These untoward results are avoided if the amendment be read in connection with the context and the policy of the tax law, without regard to what is said to have been the real, though unexpressed, intention of the legislature. The section provides both the essentials and the machinery for converting tax lands into State tax homestead lands. By requiring action of the auditor general to withdraw lands from sale and by its position in the procedural part of the section, the amendment is tied to the mechanics of the conversion and would naturally come into operation when the proceedings for conversion are begun by the ordering of examination. We think "pending" should be construed as "during," and that the auditor general had authority to accept applications to purchase at any time before proceedings for examination were commenced.

Are cross-plaintiffs barred from recovery by the six months' statute of limitations contained in section 127 of the tax law, 1 Comp. Laws 1929, § 3520, and in section 3724?
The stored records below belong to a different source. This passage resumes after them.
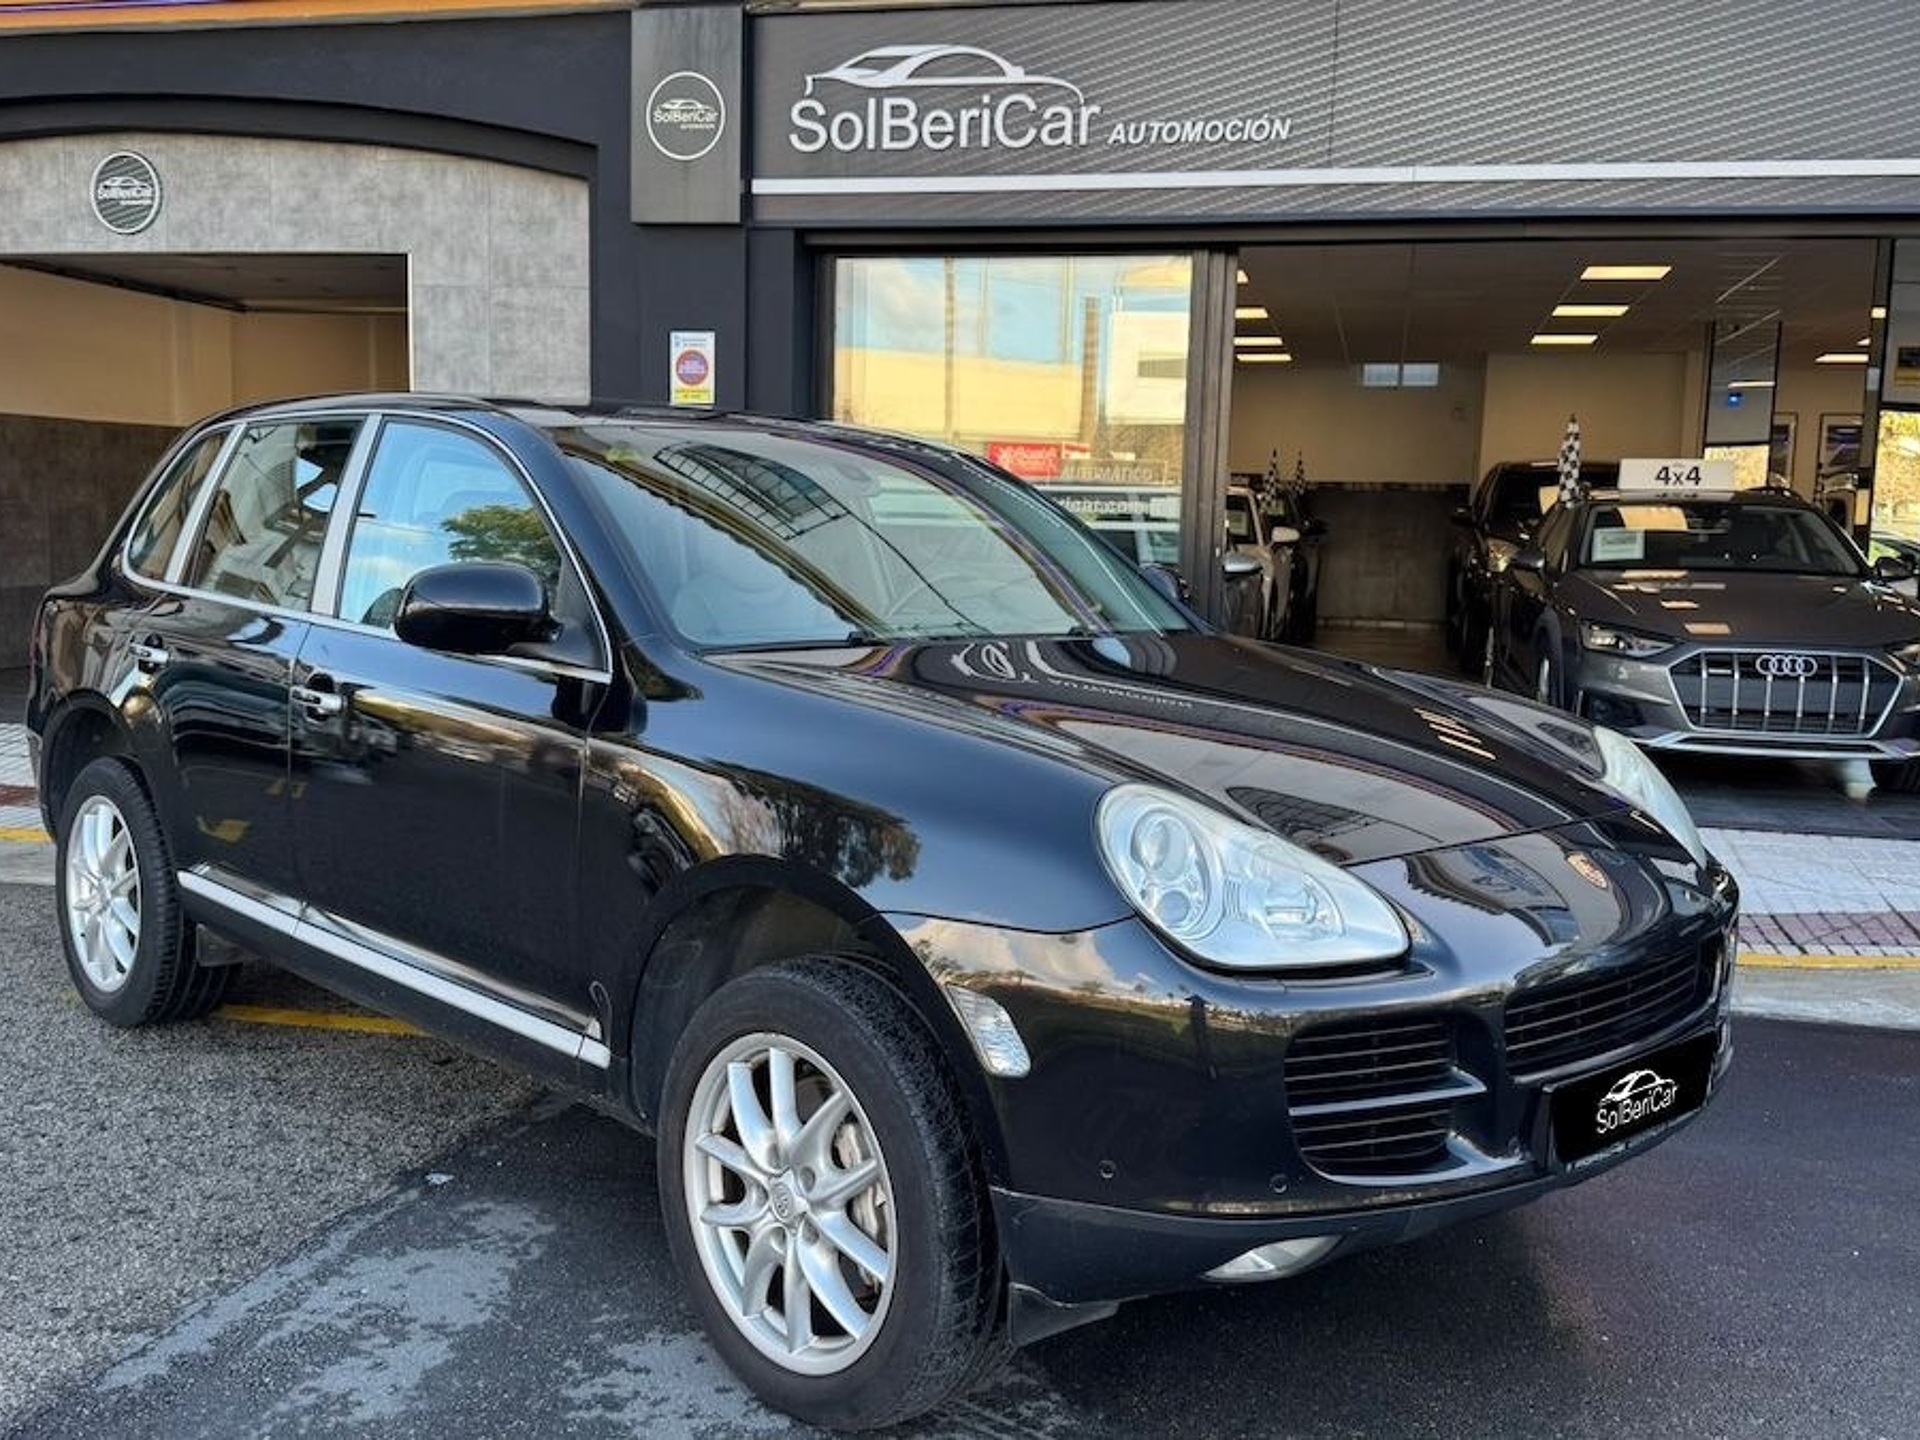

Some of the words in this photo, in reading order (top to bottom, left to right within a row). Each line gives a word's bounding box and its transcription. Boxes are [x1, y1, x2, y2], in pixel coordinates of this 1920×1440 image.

[789, 93, 1101, 152] SolBeriCar
[1107, 113, 1292, 145] AUTOMOCIÓN
[1654, 465, 1702, 486] 4x4
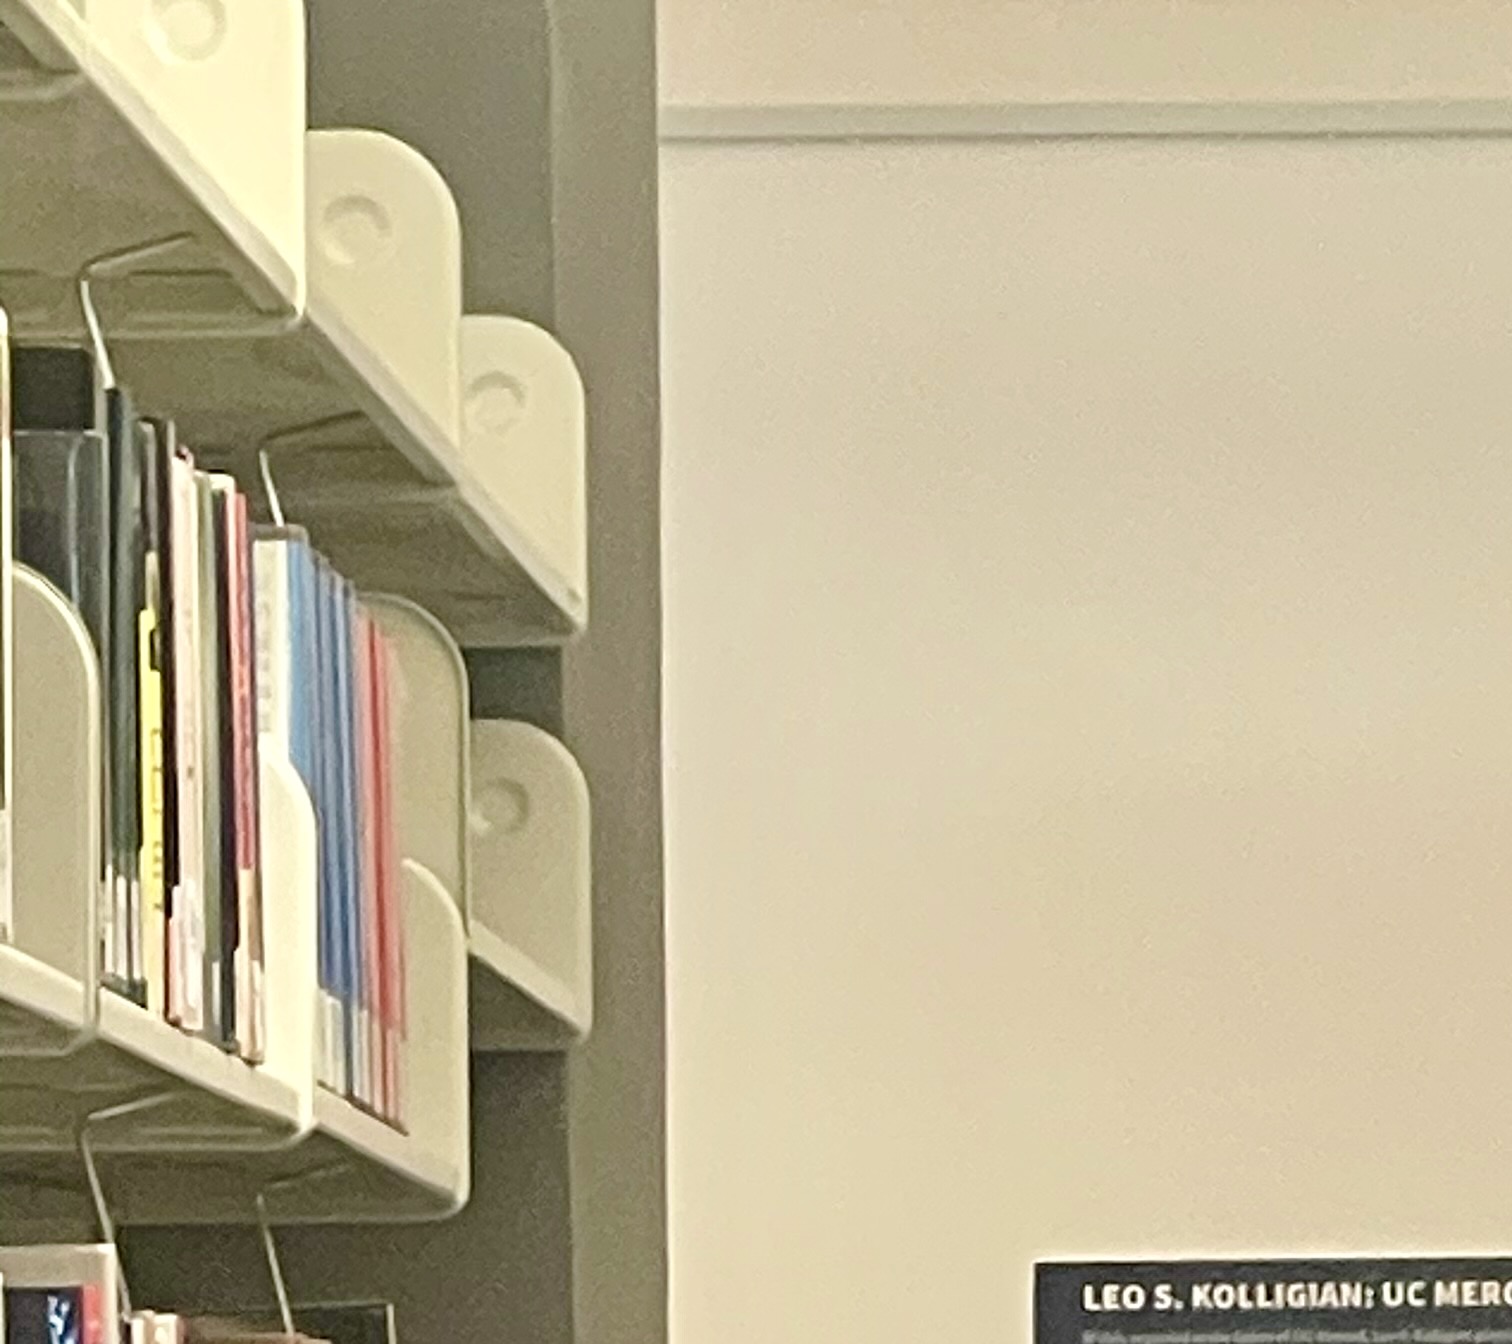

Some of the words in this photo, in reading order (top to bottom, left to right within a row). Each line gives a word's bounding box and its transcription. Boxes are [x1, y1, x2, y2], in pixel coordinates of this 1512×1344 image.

[1083, 1283, 1146, 1311] LEO
[1154, 1283, 1183, 1310] S.
[1192, 1281, 1374, 1310] KOLLIGIAN:
[1382, 1281, 1427, 1308] UC
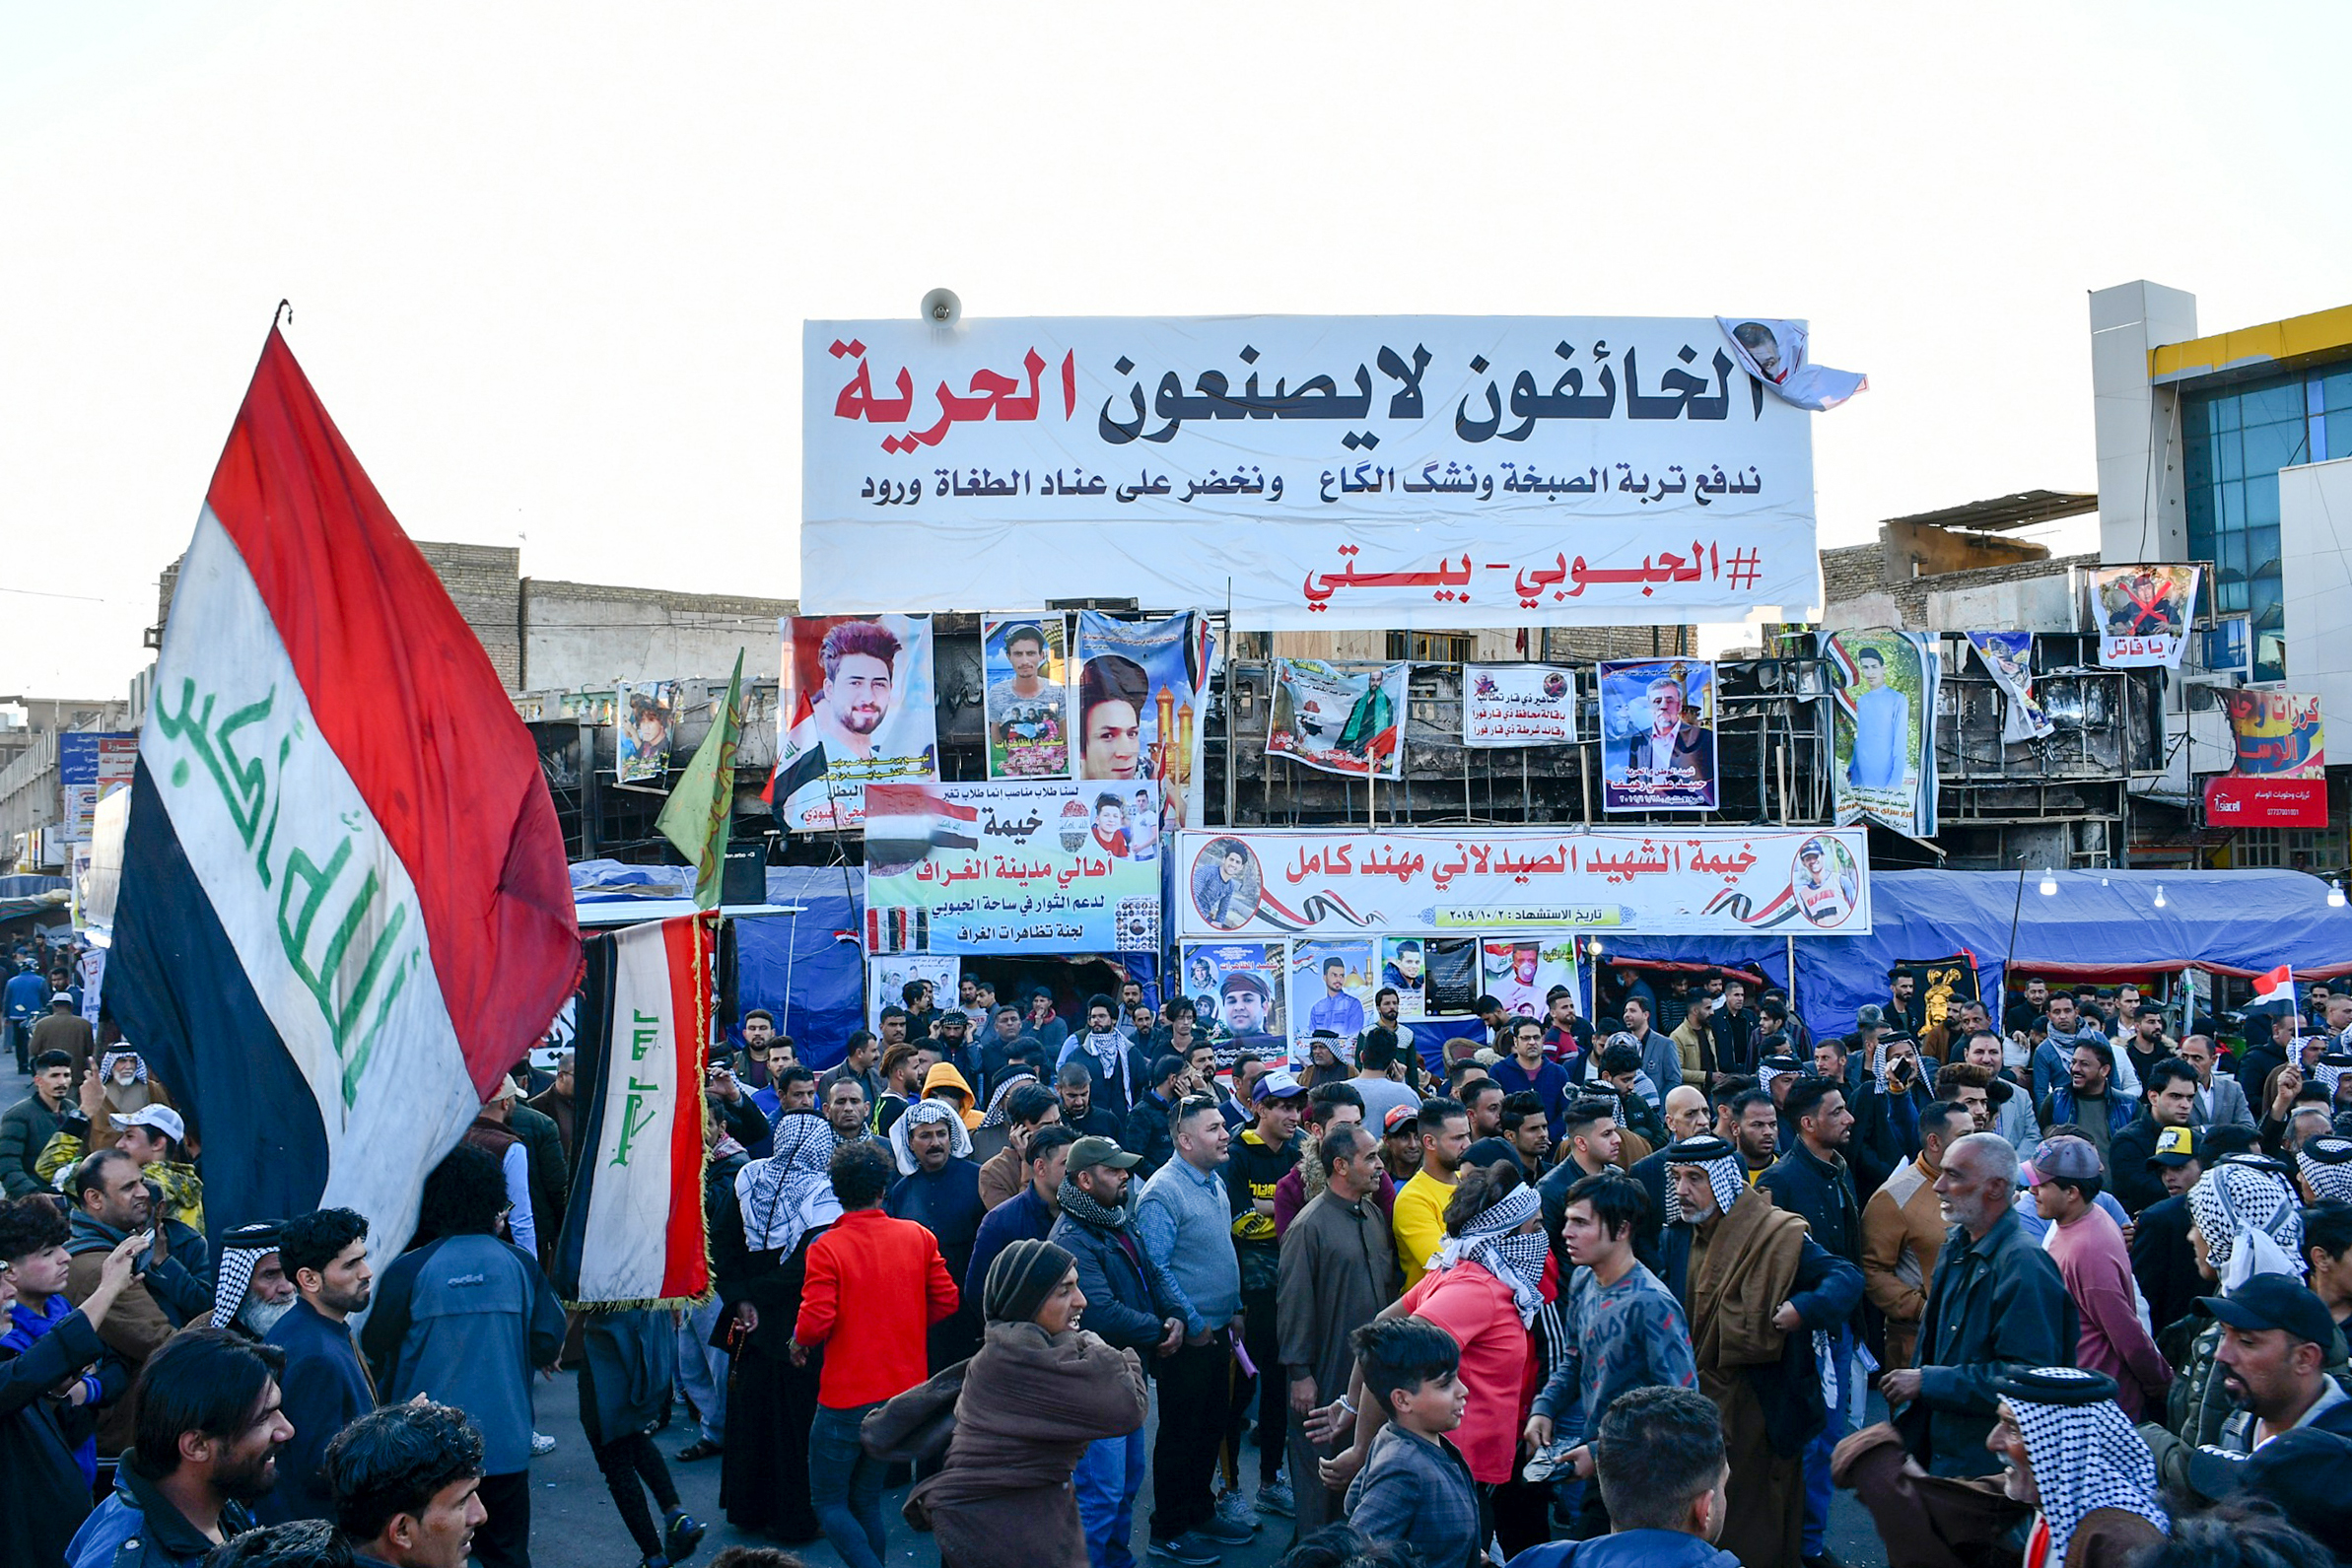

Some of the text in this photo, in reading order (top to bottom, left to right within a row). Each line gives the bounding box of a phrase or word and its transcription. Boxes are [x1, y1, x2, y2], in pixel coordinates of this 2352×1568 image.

[828, 338, 1075, 455] الحرية
[1455, 340, 1764, 443] الخائفون
[934, 468, 1030, 497] الطغاة
[1041, 465, 1107, 496] عناد
[1177, 465, 1282, 503] ونخضر
[1502, 462, 1609, 493] الصبخة
[1618, 462, 1687, 505] تربة
[1694, 464, 1761, 506] ندفع
[862, 475, 921, 506] ورود
[1116, 470, 1171, 503] على
[2108, 639, 2143, 658] قاتل
[2148, 639, 2165, 658] يا
[1505, 693, 1519, 704] قار
[1522, 694, 1532, 706] ذي
[1487, 709, 1501, 719] قار
[1503, 708, 1512, 721] ذي
[1515, 710, 1540, 718] محافظ
[2272, 695, 2318, 730] كرزات
[1490, 724, 1503, 735] قار
[1505, 724, 1514, 737] ذي
[1517, 724, 1540, 735] شرطة
[1542, 726, 1564, 738] وقائد
[942, 787, 960, 801] تغير
[963, 787, 985, 799] طلاب
[1004, 788, 1033, 799] مناصب
[1035, 786, 1057, 799] طلاب
[1061, 786, 1078, 796] لسنا
[1648, 779, 1674, 793] علي
[1676, 781, 1707, 792] حميد
[983, 807, 1044, 846] خيمة
[916, 851, 1113, 890] أهالي مدينة الغراف
[1285, 839, 1758, 892] خيمة الشهيد الصيدلاني مهند كامل
[932, 894, 1104, 919] لدعم الثوار في ساحة الحبوبي
[1515, 909, 1571, 920] الاستشهاد
[1575, 909, 1602, 922] تاريخ
[957, 924, 1083, 943] لجنة تظاهرات الغراف
Under section 127, the determination of the auditor general and director of conservation that lands are proper to be classified as State tax homestead lands is conclusive unless suit is brought within six months to set it aside, if the precedent proceedings are not jurisdictionally defective. Downer v. Richardson, 148 Mich. 596; Griffin v. Kennedy, 148 Mich. 583; Jackson, etc., R. Co. v. Solomon Lumber Co., 146 Mich. 204; Semer v. Auditor General, 133 Mich. 569; Beuthien v. Dillon, 160 Mich. 396; Price v. Stark, 259 Mich. 407 . The effect of the statute is not to be defeated by the form of action, but it applies to an indirect as well as a direct attack upon the determination. Jackson, etc., R. Co. v. Solomon Lumber Co., supra.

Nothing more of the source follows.